The link for that quote from Bruce Levine is http://www.thememoryhole.org/edu/school-mission.htm
I can see how this all presents cause for concern, but it seems like this is mostly an issue of terminology. No teaching practicum I’ve ever participated in has included explicit instructions to produce sheep, although that may or may not be the end result of what we accomplish with our students. If it is indeed the end result, then it is accomplished through means so subversive that we don’t even notice them or our complicitness.
Therefore, “conspiracy” seems like an accurate enough term – or at least as good a term as any.
Sorry, my mistake, I didn’t realize new comments are added at the top. They were there all the time.
Krista has a point about terminology, but I do wonder about this “No teaching practicum I’ve ever participated in has included explicit instructions to produce sheep” vs. the quote from Bruce E. Levine.

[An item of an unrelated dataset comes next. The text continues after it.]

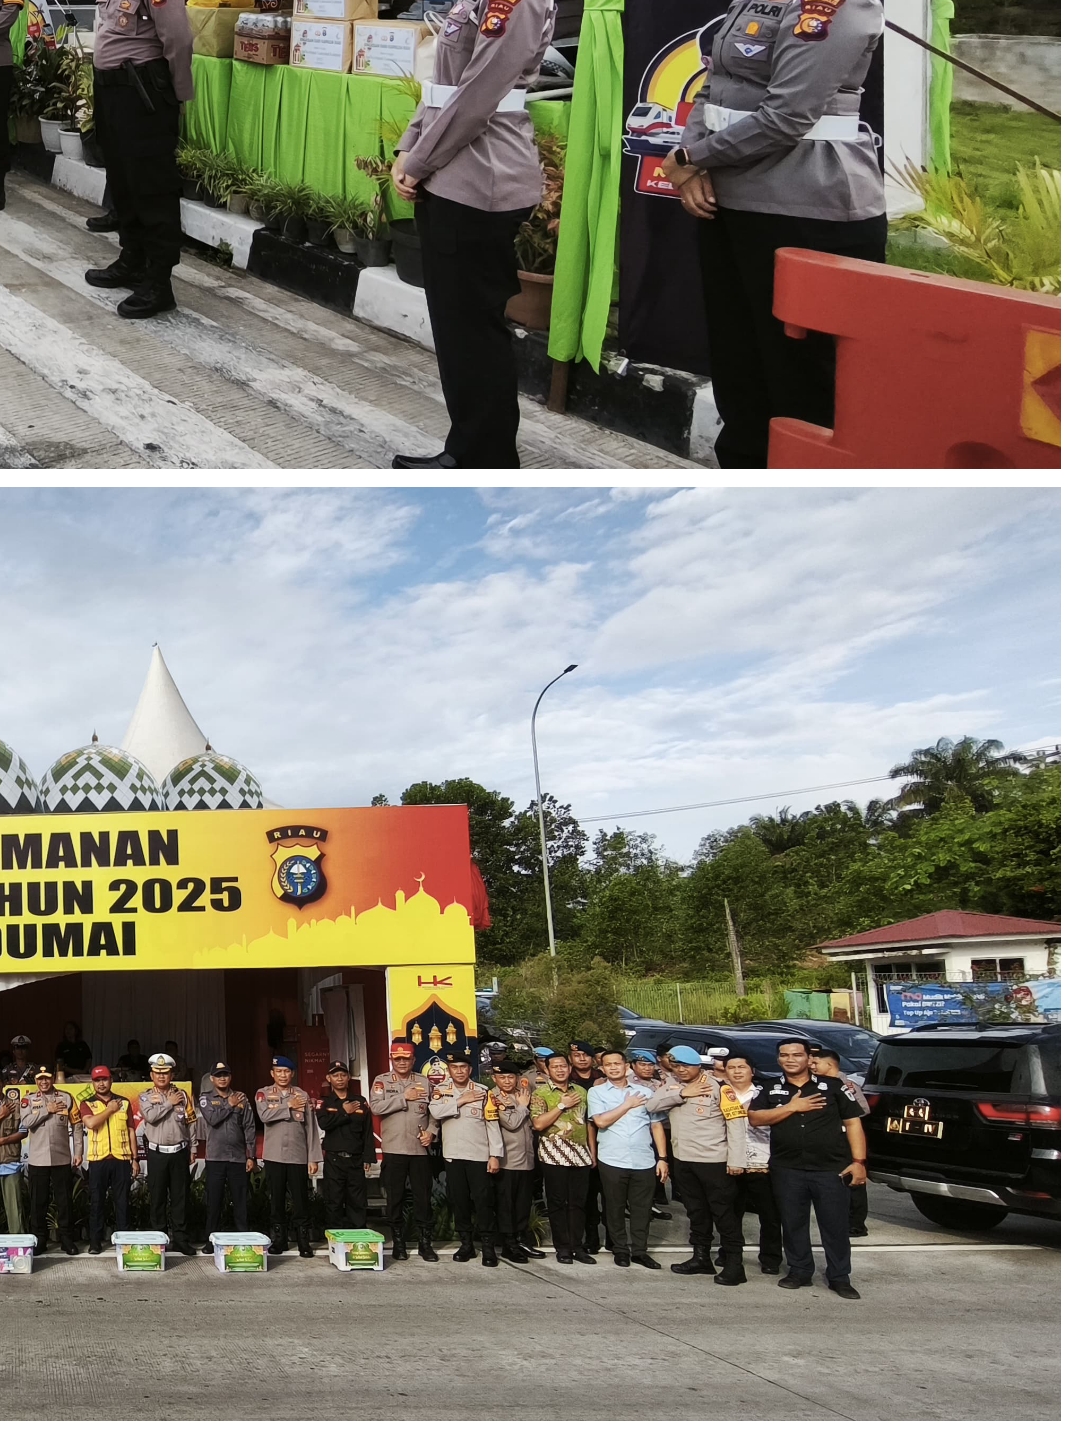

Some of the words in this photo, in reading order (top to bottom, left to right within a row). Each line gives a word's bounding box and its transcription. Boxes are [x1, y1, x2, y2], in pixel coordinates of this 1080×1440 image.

[746, 3, 783, 18] POLRI
[804, 4, 833, 13] RIAU
[273, 827, 322, 840] RIAU
[110, 876, 243, 914] 2025
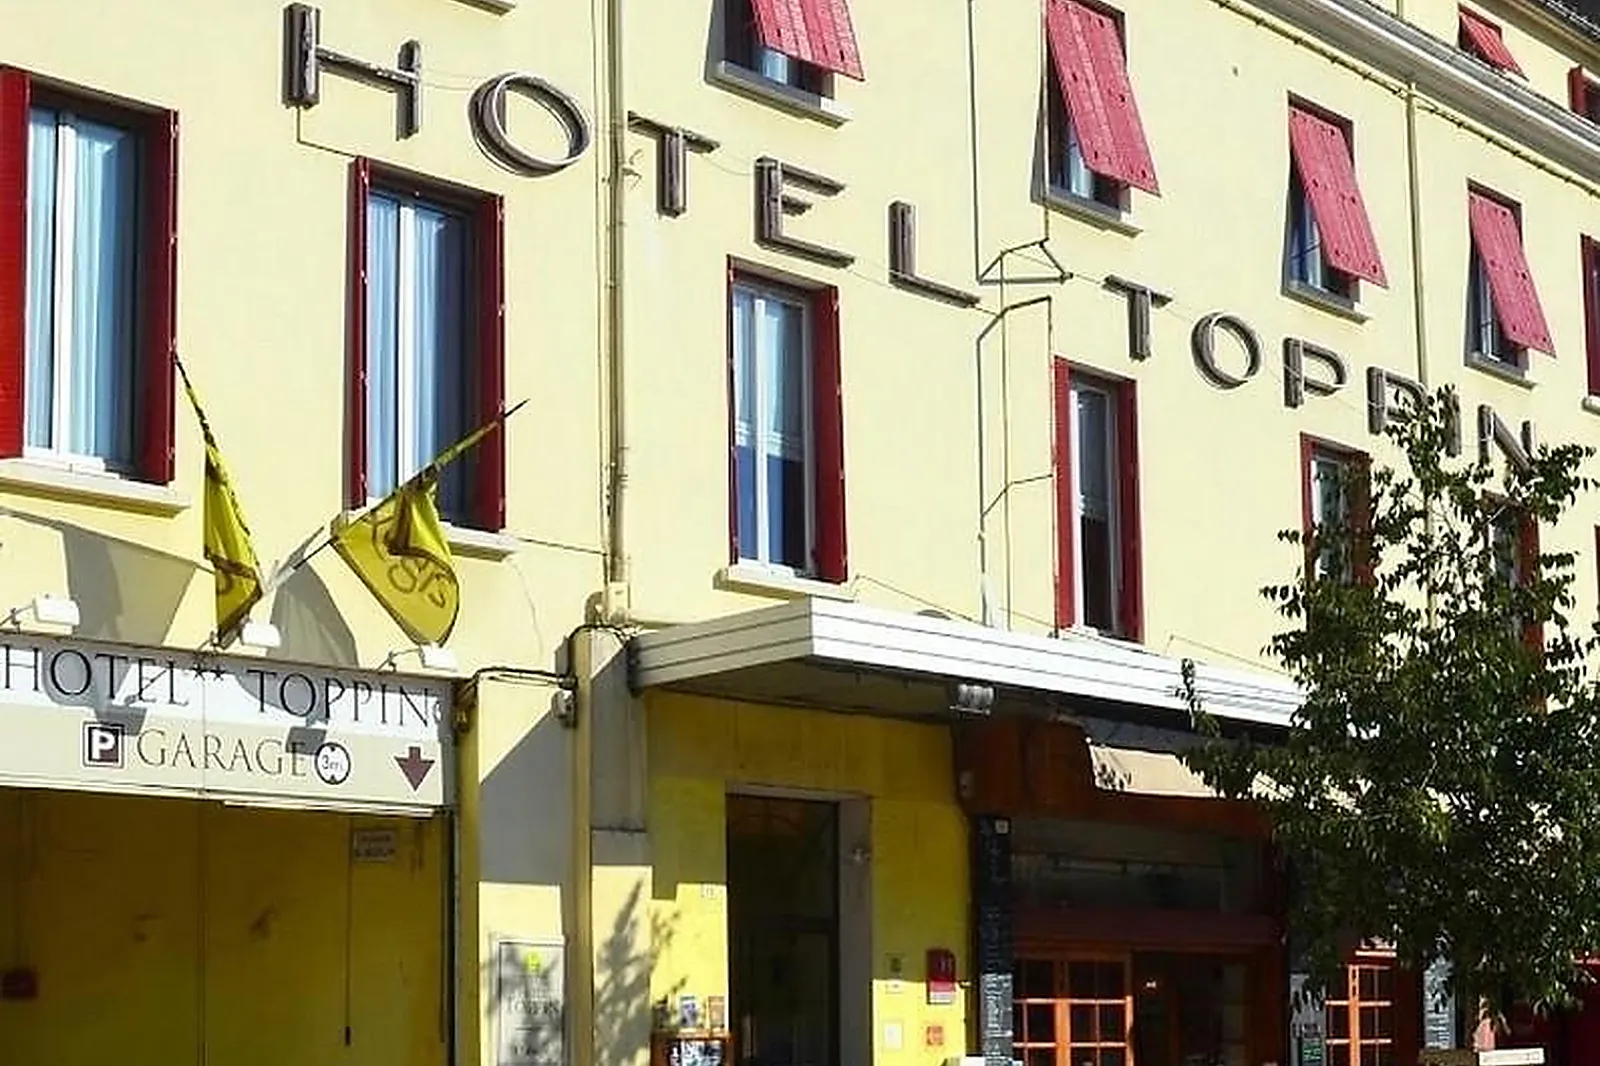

Under the euphamism of “socialization”, a lot of what Doug is pointing to can be openly justified as “what’s best for the student”. I agree that the idea is chilling.
The ideal of good teaching doesn’t include this sort of thing (to agree with Krista), but somehow the system produces enough of it to think it is by design. Burn out in an oppressive school environment might be enough to explain it, but then maybe systematic oppression is one of the central lessons and burn out is just another symptom that reinforces the main lesson.
I am doing a project on gated communities, and I would love some peoples info. Do gated communites work? I think gated communities are there as an idea, the idea to keep middle income (mostly) white people feeling safe. I live in one, we have under ground parking. We have had 2 cars stolen this year, and our mail box was broken into……this gated community idea is a money making tactic, and I believe it works to lure people into, only if gate part worked!